Hallucination Compounding

  • Warning: Subtle hallucinations in wiki articles get compounded when future queries cite those articles as sources.
  • Our mitigation: Provenance tracking marks every LLM-synthesized claim with ^[inferred]. The lint pass includes hallucination drift detection — re-reading cited raw sources and flagging any statements that shifted from the original. File-back chain integrity verification catches drift in synthesis articles.

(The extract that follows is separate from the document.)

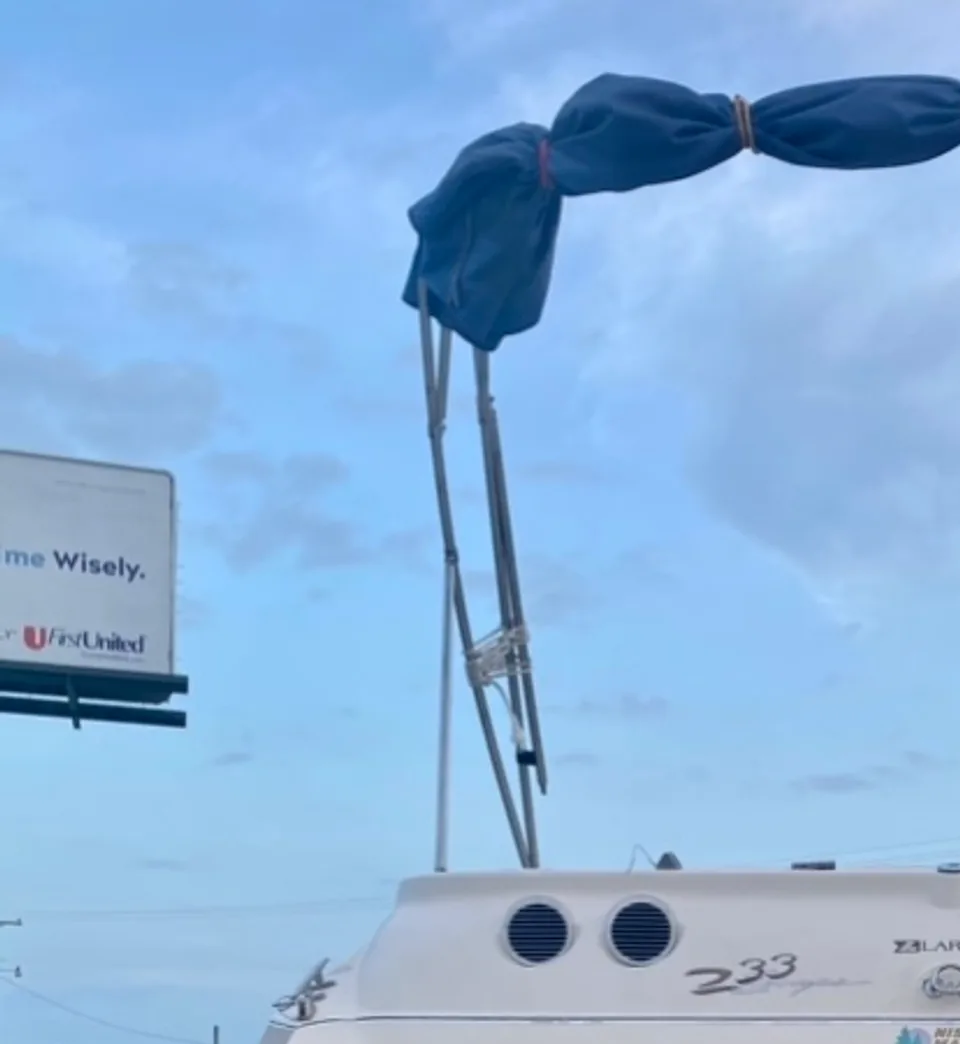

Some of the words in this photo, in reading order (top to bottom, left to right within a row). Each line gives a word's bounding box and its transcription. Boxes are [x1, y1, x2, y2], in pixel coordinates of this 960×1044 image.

[0, 544, 45, 568] me
[53, 549, 145, 583] Wisely.
[684, 952, 798, 996] 233

Scaling Ceiling (~200-300 articles)

  • Warning: Performance degrades once wikis exceed 200-300 articles. Cross-linking gets slow, context windows overflow, ingest accuracy drops.
  • Our mitigation: Topic-based index hierarchy (master index routes to topic indexes, topic indexes locate articles). Scale-aware thresholds in the vault schema trigger structural changes at 50, 200, and 500 articles. Dataview dashboards for health monitoring. External search tools (qmd MCP server) planned for the 200+ range.

Token Cost

  • Warning: Full wiki operations (ingest + cross-link + lint) on large vaults consume 100K+ tokens per session.
  • Our mitigation: Delta manifest skips unchanged files. Targeted file reads (3-4 per query, never loading the full vault). Subagent parallelization for batch ingests of 5+ files.

Vault Contamination

  • Warning: Risk of the LLM modifying raw source files or producing articles that drift from sources over time.
  • Our mitigation: Immutable raw/ and ai-research/ layers — the LLM never writes to them. Drift detection during lint. Re-reading original sources before updating existing articles.

Key Takeaways

  • The Karpathy wiki pattern has become a de facto standard for LLM-maintained knowledge bases, with 12+ significant open-source implementations. The Claude Code skills ecosystem provides the extensibility layer for building wiki librarian skills.
  • The most impactful enhancements are infrastructure patterns (hot cache, delta manifest, provenance tracking) rather than content patterns.
  • Hallucination compounding is the #1 community concern — provenance tracking and source-back verification are the primary defenses.
  • The pattern scales well to ~200 articles with proper index hierarchy; beyond that, external search tools become necessary.
  • All 10 patterns identified in this research have been implemented in this vault’s upgrade.
  • The community strongly favors immutable source layers and visible contradiction handling over silent merging.

Try It

  1. Review the vault schema. Read CLAUDE.md at the vault root to see all 10 patterns in action.
  2. Test the delta manifest. Say “compile” — the system should report 0 new files if nothing has changed since last ingest.
  3. Trigger research-on-miss. Set auto_research: true in wiki/hot.md, then ask a question the wiki cannot answer. Watch the system research, ingest, and re-answer automatically.
  4. Run a lint pass. Say “lint” to see the full 14-check health report, including hallucination drift detection.
  5. Explore community repos. Check out SamurAIGPT/llm-wiki-agent (1,600 stars) for plugin architecture ideas, or claude-memory-compiler (551 stars) for multi-pass compilation strategies.